From the principal staircase, one reaches the so-called 'Hall of the King of France', situated next to the rooms of George of Challant and over the 'hall of arms'. Its name would seem to have derived from probably having been the room in which Charles VIII of France stayed during his passage through Italy in 1494. In the sixteenth century, this was the wedding chamber of René of Challant and his wife Mencia.

The room is covered by a coffered ceiling and is warmed by a fireplace decorated with the lilies of the royal arms of France. The room is furnished with furniture in part bought back by Avondo, as for example the canopied bed with the arms of the Challant-Aymavilles branch acquired from a peasant in Ussel, and in part by nineteenth-century reconstructions.

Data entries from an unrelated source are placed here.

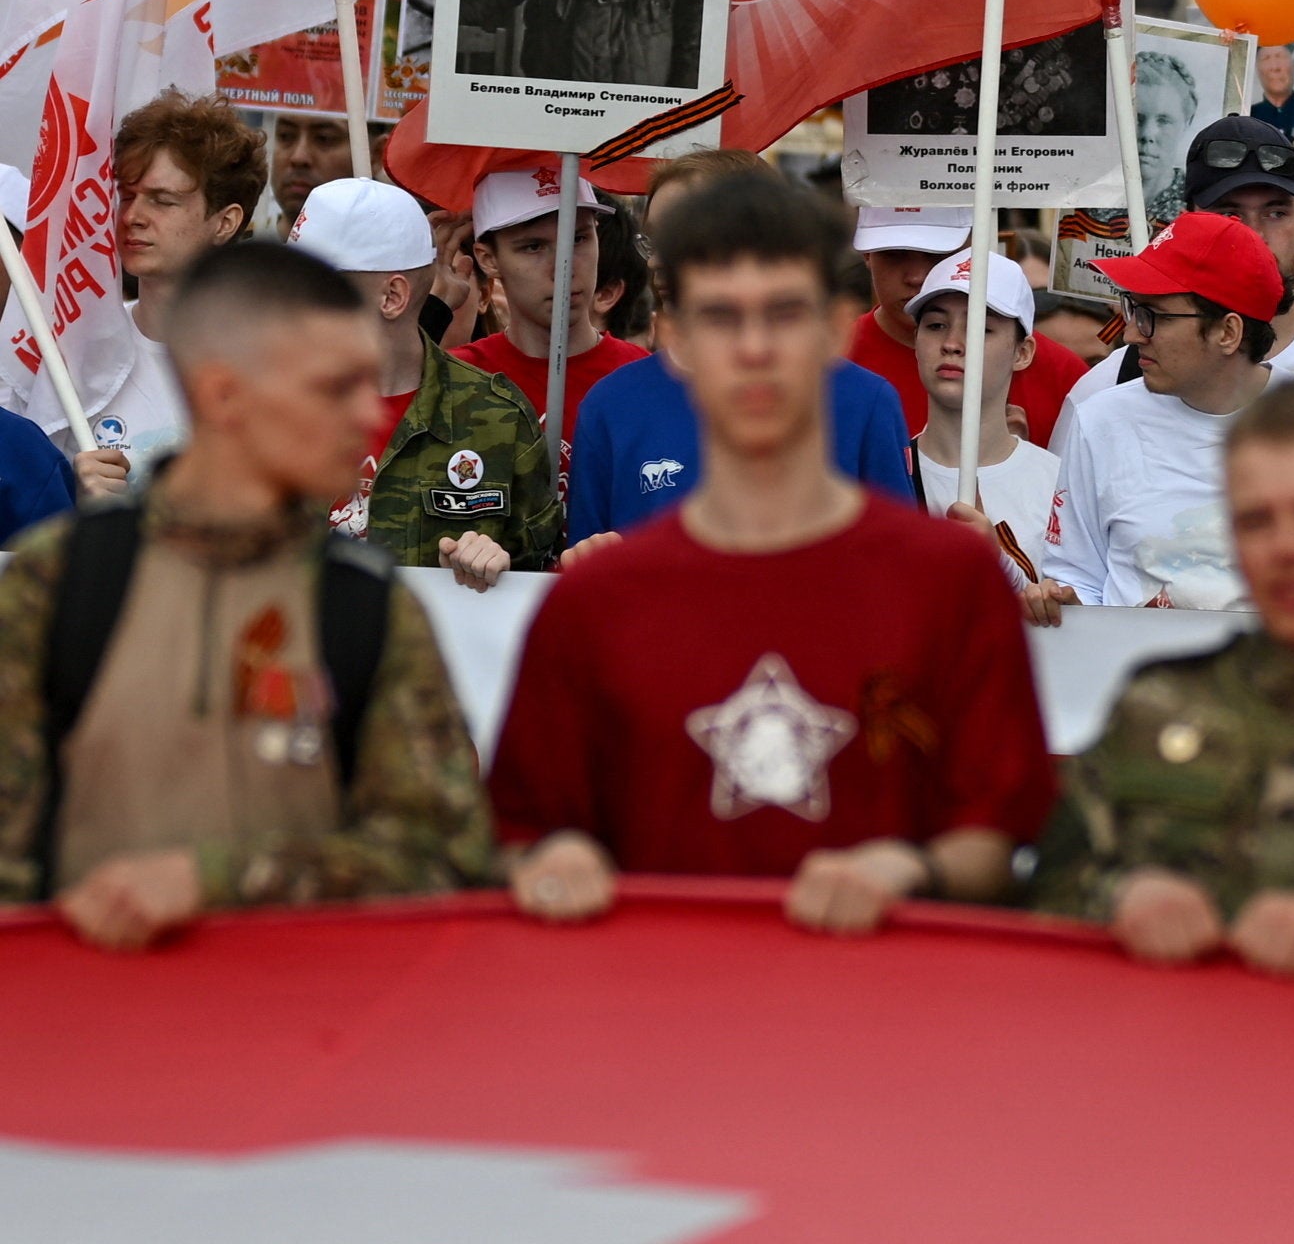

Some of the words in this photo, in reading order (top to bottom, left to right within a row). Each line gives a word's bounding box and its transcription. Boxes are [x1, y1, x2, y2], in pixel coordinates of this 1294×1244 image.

[283, 92, 315, 106] ПОЛК
[470, 82, 521, 95] Беляев
[524, 85, 596, 101] Владимир
[600, 90, 682, 106] Степанович
[544, 103, 606, 118] Сержант
[900, 145, 968, 158] Журавлёв
[1011, 146, 1075, 159] Егорович
[1006, 180, 1051, 193] фронт

Passing through the room of the King of France and through a series of access rooms, one reaches the 'Chamber of the Tower', situated in the north-west corner of the manor in the most ancient part of the Castle. The different windows of the room permitted a view of the Castles of Arnad and Verrès as well as of the Villa Castle in Challand. This space was probably used as a signalling tower. In case of danger, the lords of manor would have been able to take securer refuge in the more easily defended Verrès Castle.

To reach the last room that can be visited on this floor, it is necessary to pass through a loggia covered with a cross vault. This last room is located at the south-west extremity of the Castle. In an inventory of 1565, it is called the 'Chamber of the Emperor', probably in honour of the stay of the Emperor Sigismond of Luxemburg in 1414. The room is now called the 'Chamber of the Little Countess' in honour of the countess Isabelle of Challant, the daughter of René of Challant and Mencia de Bragança. It is furnished with a sixteenth-century bed of Tyrolese origin, reconstructed furniture commissioned by Avondo in the nineteenth century and a stone fireplace decorated with the arms of George of Challant.

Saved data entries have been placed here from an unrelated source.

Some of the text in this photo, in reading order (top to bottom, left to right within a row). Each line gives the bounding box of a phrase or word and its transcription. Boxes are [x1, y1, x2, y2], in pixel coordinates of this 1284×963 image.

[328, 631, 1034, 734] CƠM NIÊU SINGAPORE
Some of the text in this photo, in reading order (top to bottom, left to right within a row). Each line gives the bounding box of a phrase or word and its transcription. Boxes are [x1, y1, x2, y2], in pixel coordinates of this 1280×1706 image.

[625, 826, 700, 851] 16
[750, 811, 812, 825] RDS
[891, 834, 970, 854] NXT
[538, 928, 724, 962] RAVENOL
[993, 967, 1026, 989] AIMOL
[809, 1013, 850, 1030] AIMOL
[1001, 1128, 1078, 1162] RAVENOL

In the eastern wing of the Castle, which may not be visited, one finds a loggia roofed with a cross vault and positioned in a location corresponding to the chapel, some rooms and access spaces, and the stairs that lead to the roof of the castle. According to a legend, the ghost of Bianca Maria Gaspardone would appear on the roof on moonlit nights. Gaspardone was the first wife of René of Challant. Gaspardone abandoned her marriage René after only some months, having become tired of the long absences of her husband. She was subsequently condemned to death for procuring the assassination of her former lover Ardizzino Valperga by Don Pietro di Cardona, her then current lover; she was executed at Milan in 1526.

===The graffiti===
One of the characteristic features of the Issogne Castle, apart from the famous frescoes and the pomegranate fountain, is the numerous graffiti that have been left in the course of centuries by visitors to and guests of the Castle, the servants and lords of the manor themselves. These graffiti have been preserved because the Castle has never undergone major change, and they provide valuable evidence about daily life in the Castle. These graffiti, usually incised on the walls, are present throughout the Castle but in particular are visible in the portico of the courtyard, in the corridors, and in the embrasures of the doors and windows.

The graffiti are mostly in French or Latin, and amongst them one finds visitors' reflections on how sad or happy they are to be leaving the Castle, a great number about life or money, confessions of being in love, and mocking jibes. The frescoed lunettes of the portico show, in addition to the signature of the painter Master Colin, comments on one or other of the professions depicted, while in the gallery that leads from the 'Chamber of the Little Countess', one may read an epitaph for the death of Count René de Challant ('XI julii 1565/obiit Renatus/comes de Challant', i.e. 'On the 11th of July 1565, René, count of Challant, died') and expressions of sadness on the occasion of the anniversary of that date.